'There's an ironmonger,' cried Joan, pointing across the road. And they went in to buy the hurricane lanterns. They assumed, that is, that the cottage was already found.

Then, after luncheon, while Mother criticised the garden-gloves, observing with regard to the hurricane lanterns that it was 'living backwards, rather, to buy things before we have the place to use them in,' he took from the book-shelf his copy of the Queen of the Air and read once again a favourite passage. It was thumb-marked, the margin scored by his pencil long years ago.

' . . . the bird, in which the breath, or spirit, is more full than in any other creature and the earth-power least. . . . It is little more than a drift of the air brought into form by plumes; the air is in all its quills, it breathes through its whole frame and flesh, and glows with air in its flying, like a blown flame: it rests upon the air, subdues it, surpasses it, outraces it;—is the air, conscious of itself, conquering itself, ruling itself.

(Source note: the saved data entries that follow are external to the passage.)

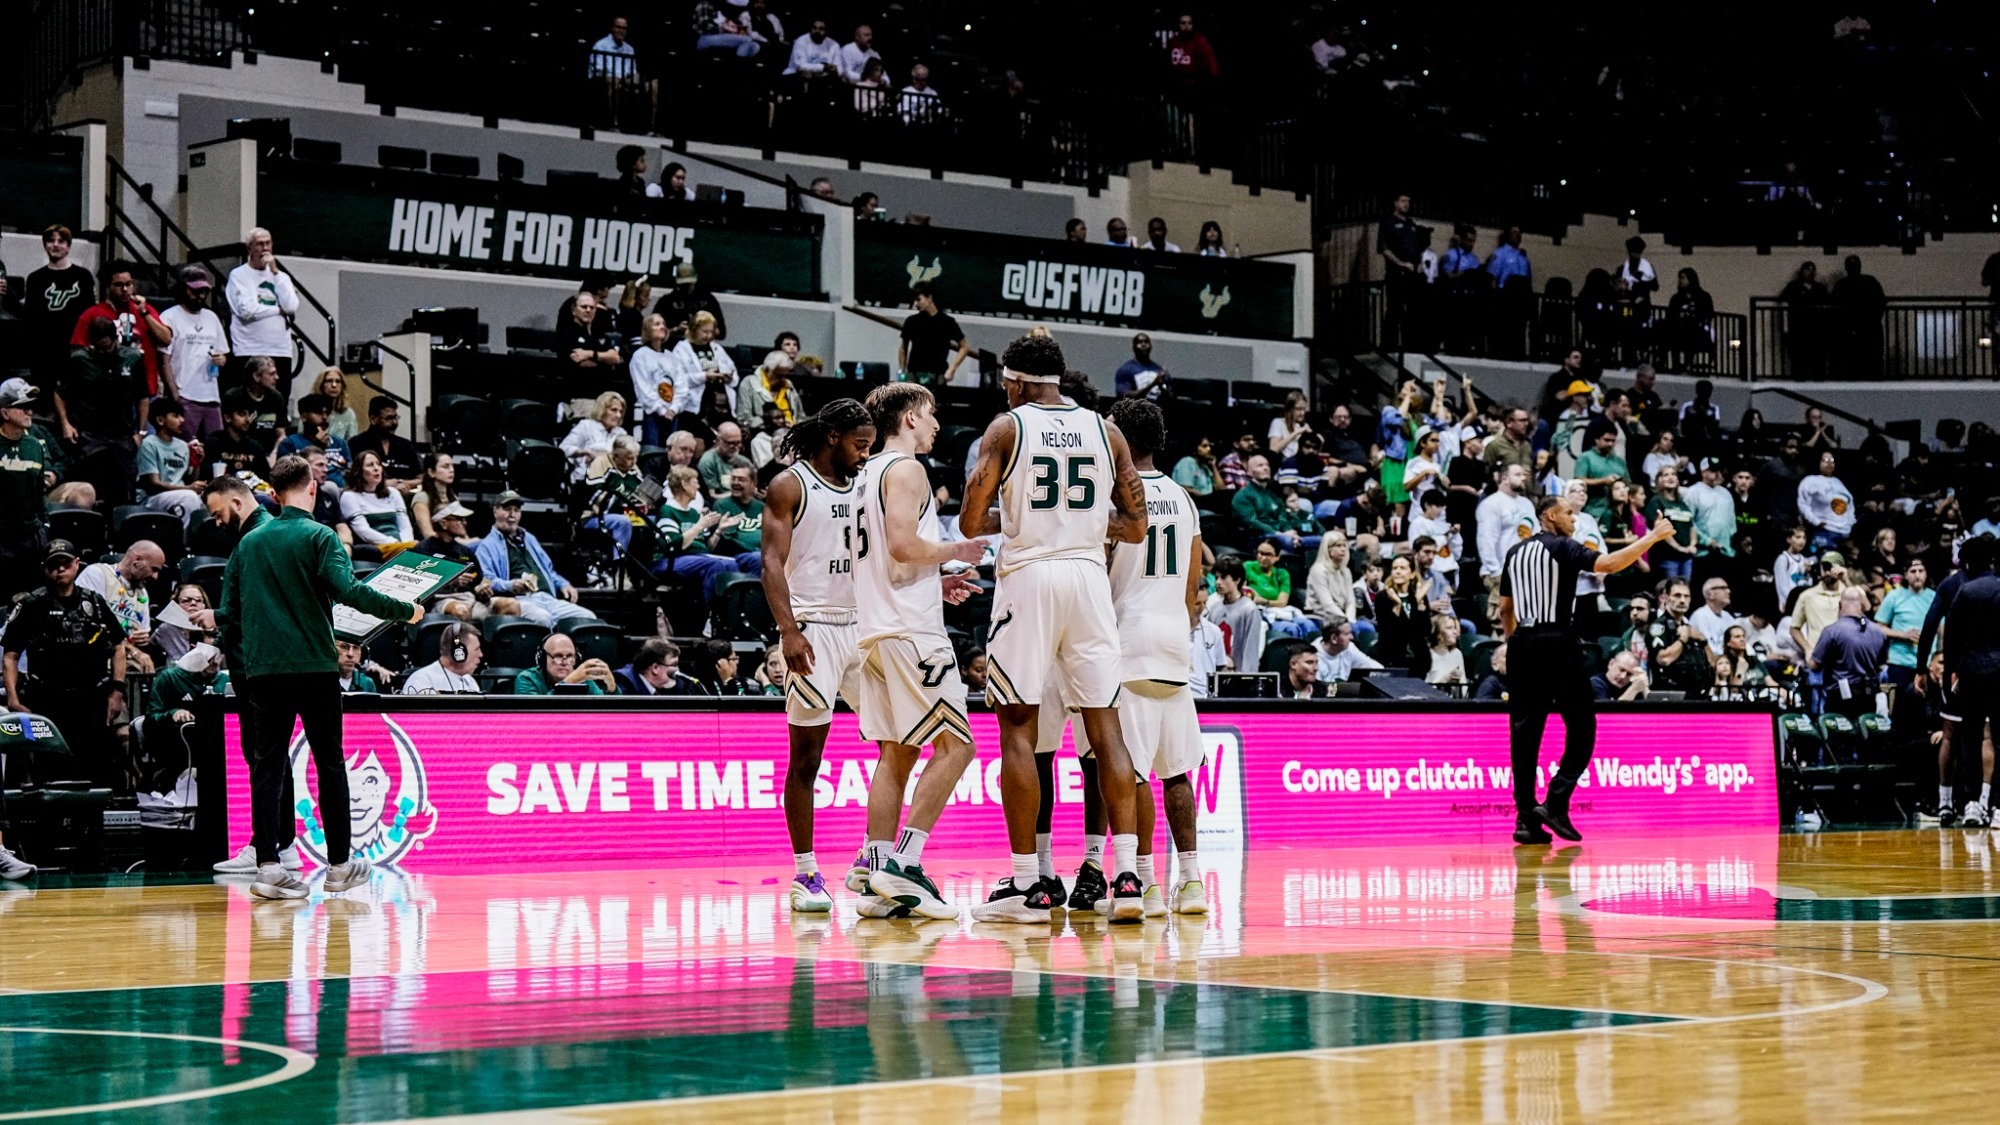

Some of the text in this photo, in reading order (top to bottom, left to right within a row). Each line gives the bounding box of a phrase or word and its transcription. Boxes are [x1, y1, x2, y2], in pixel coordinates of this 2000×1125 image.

[389, 198, 695, 276] HOME FOR HOOPS
[1002, 260, 1145, 317] @USFWBB
[1041, 431, 1082, 448] NELSON
[1027, 454, 1099, 512] 35
[831, 503, 850, 518] SOU
[1147, 500, 1173, 516] ROWN
[1141, 522, 1181, 579] 11
[1, 723, 22, 732] TGH
[486, 761, 631, 815] SAVE
[1282, 760, 1361, 792] Come
[1366, 767, 1400, 799] up
[1405, 758, 1484, 791] clutch
[1548, 760, 1590, 788] te
[1705, 762, 1754, 792] app.
[1451, 803, 1492, 815] Account
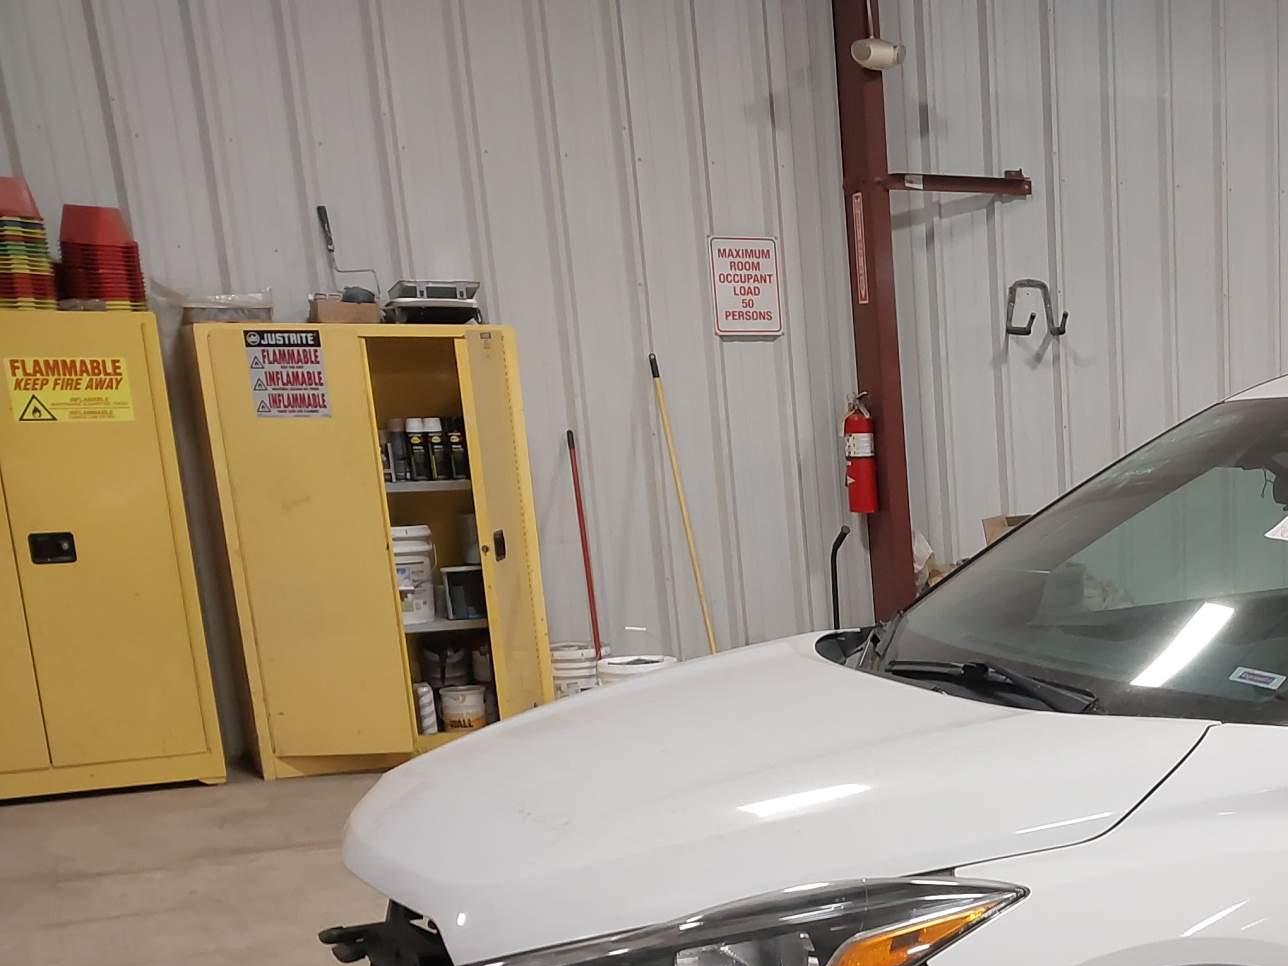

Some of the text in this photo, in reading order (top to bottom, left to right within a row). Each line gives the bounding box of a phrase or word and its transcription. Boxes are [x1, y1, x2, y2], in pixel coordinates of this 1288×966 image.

'Also, into the throat of the bird is given the voice of the air. All that in the wind itself is weak, wild, useless in sweetness, is knit together in its song . . . unwearied, rippling through the clear heaven in its gladness, interpreting all intense passion through the soft spring nights, bursting into acclaim and rapture of choir at daybreak, or lisping and twittering among the boughs and hedges through heat of day, like little winds that only make the cowslip bells shake, and ruffle the petals of the wild rose. . . .'

His reading was interrupted by the entrance from the passage of his wife, her face heavily veiled; she was dressed for the street, in solemn black; she wore a mysterious yet very confident expression. 'Joe dear, I'm going out. I have an appointment at three o'clock sharp. I mustn't be late.'

He watched her with an absent-minded air for a moment, as though he saw her for the first time almost; all he could remember about her just then was that during the cinema performance she had said with proud superiority: 'I'm glad I'm English.' Then, recognising his wife, he realised that she was going to confession, of course, for he guessed it by the way she folded her hands, waiting patiently for a word of commendation.

'All right, my dear,' he said, 'and good luck. You'll be back for tea, I suppose.' He rose and kissed her on her heavy veil, and she went out with a smile. 'I'm so glad,' he added.

'That's her stage,' he thought to himself, 'and the critic and the Aquarian quack have their stage, and I have mine. It's all right.'

There were immense tracts of experience in everybody, unknown, unused, but waiting to be known and used. Some people lived in one tract only, caged and fixed, unaware of the vast freedom a little farther outside themselves. Different people knew different tracts, each positive that his own particular tract alone was right—as for him, assuredly, it was— thinking also that it was the only one, the whole, which, assuredly, it was not. There was, however, assuredly, a point of view, the bird's, that saw all these tracts at once, the boundaries and divisions between them mere walls erected by the mind in ignorance. The bird's-eye view looked down and saw the landscape whole, the divisions unreal, the separation false. This attitude was the attitude of air; air unified; the unity of humanity was realised. Consciousness, focussed hitherto upon little separate tracts with feeble light, blazed upon all at once with shining splendour.

It was true. A great world-telepathy was being 'engendered,' barriers of creed and class were crumbling, democracy was combing out its mighty wings; the 'tracts' inhabited by Mother, Tom, the quack, the critic, by himself and by Joan, by that narrow snob and gossip at the tea-party who asked, 'Who was she?'—all these would be seen as adjoining little strips belonging to the universal air which knows neither strips, divisions nor boundaries.